[Free-text object descriptions]
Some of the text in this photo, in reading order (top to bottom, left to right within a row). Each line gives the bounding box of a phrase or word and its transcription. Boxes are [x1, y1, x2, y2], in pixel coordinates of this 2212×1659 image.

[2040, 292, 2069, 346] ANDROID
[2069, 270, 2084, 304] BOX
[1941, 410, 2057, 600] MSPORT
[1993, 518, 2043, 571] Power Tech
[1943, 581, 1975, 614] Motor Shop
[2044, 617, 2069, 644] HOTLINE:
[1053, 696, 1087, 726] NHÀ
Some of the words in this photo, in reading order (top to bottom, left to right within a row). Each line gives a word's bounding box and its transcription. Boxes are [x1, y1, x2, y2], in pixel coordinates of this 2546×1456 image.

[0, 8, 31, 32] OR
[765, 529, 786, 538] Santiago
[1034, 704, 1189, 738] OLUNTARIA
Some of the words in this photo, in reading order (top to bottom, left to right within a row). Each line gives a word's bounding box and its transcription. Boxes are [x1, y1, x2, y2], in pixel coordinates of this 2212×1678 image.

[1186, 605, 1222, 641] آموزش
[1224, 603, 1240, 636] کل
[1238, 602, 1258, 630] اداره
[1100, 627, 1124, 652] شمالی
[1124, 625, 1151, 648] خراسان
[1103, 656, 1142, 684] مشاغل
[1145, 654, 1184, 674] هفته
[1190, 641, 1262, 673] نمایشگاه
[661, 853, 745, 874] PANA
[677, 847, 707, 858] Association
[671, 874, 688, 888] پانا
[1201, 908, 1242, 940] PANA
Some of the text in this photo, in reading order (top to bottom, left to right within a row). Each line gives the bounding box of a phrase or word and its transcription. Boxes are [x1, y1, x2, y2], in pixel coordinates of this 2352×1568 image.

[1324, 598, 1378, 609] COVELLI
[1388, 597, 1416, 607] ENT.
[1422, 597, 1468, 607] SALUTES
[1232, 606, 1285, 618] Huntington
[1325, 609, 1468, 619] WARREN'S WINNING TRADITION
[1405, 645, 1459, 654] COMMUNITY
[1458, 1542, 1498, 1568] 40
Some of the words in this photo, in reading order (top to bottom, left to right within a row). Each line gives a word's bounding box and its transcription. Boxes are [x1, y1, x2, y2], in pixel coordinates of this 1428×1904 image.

◆ **YOUR TASK**
Reproduce the data, keeping every line exactly the same.

◆ **RESULT OF THIS EXERCISE**
Some of the text in this photo, in reading order (top to bottom, left to right within a row). Each line gives the bounding box of a phrase or word and its transcription. Boxes are [x1, y1, x2, y2], in pixel coordinates of this 2212×1659 image.

[2040, 292, 2069, 346] ANDROID
[2069, 270, 2084, 304] BOX
[1941, 410, 2057, 600] MSPORT
[1993, 518, 2043, 571] Power Tech
[1943, 581, 1975, 614] Motor Shop
[2044, 617, 2069, 644] HOTLINE:
[1053, 696, 1087, 726] NHÀ
Some of the words in this photo, in reading order (top to bottom, left to right within a row). Each line gives a word's bounding box and its transcription. Boxes are [x1, y1, x2, y2], in pixel coordinates of this 2546×1456 image.

[0, 8, 31, 32] OR
[765, 529, 786, 538] Santiago
[1034, 704, 1189, 738] OLUNTARIA
Some of the words in this photo, in reading order (top to bottom, left to right within a row). Each line gives a word's bounding box and its transcription. Boxes are [x1, y1, x2, y2], in pixel coordinates of this 2212×1678 image.

[1186, 605, 1222, 641] آموزش
[1224, 603, 1240, 636] کل
[1238, 602, 1258, 630] اداره
[1100, 627, 1124, 652] شمالی
[1124, 625, 1151, 648] خراسان
[1103, 656, 1142, 684] مشاغل
[1145, 654, 1184, 674] هفته
[1190, 641, 1262, 673] نمایشگاه
[661, 853, 745, 874] PANA
[677, 847, 707, 858] Association
[671, 874, 688, 888] پانا
[1201, 908, 1242, 940] PANA
Some of the text in this photo, in reading order (top to bottom, left to right within a row). Each line gives the bounding box of a phrase or word and its transcription. Boxes are [x1, y1, x2, y2], in pixel coordinates of this 2352×1568 image.

[1324, 598, 1378, 609] COVELLI
[1388, 597, 1416, 607] ENT.
[1422, 597, 1468, 607] SALUTES
[1232, 606, 1285, 618] Huntington
[1325, 609, 1468, 619] WARREN'S WINNING TRADITION
[1405, 645, 1459, 654] COMMUNITY
[1458, 1542, 1498, 1568] 40
Some of the words in this photo, in reading order (top to bottom, left to right within a row). Each line gives a word's bounding box and its transcription. Boxes are [x1, y1, x2, y2], in pixel coordinates of this 1428×1904 image.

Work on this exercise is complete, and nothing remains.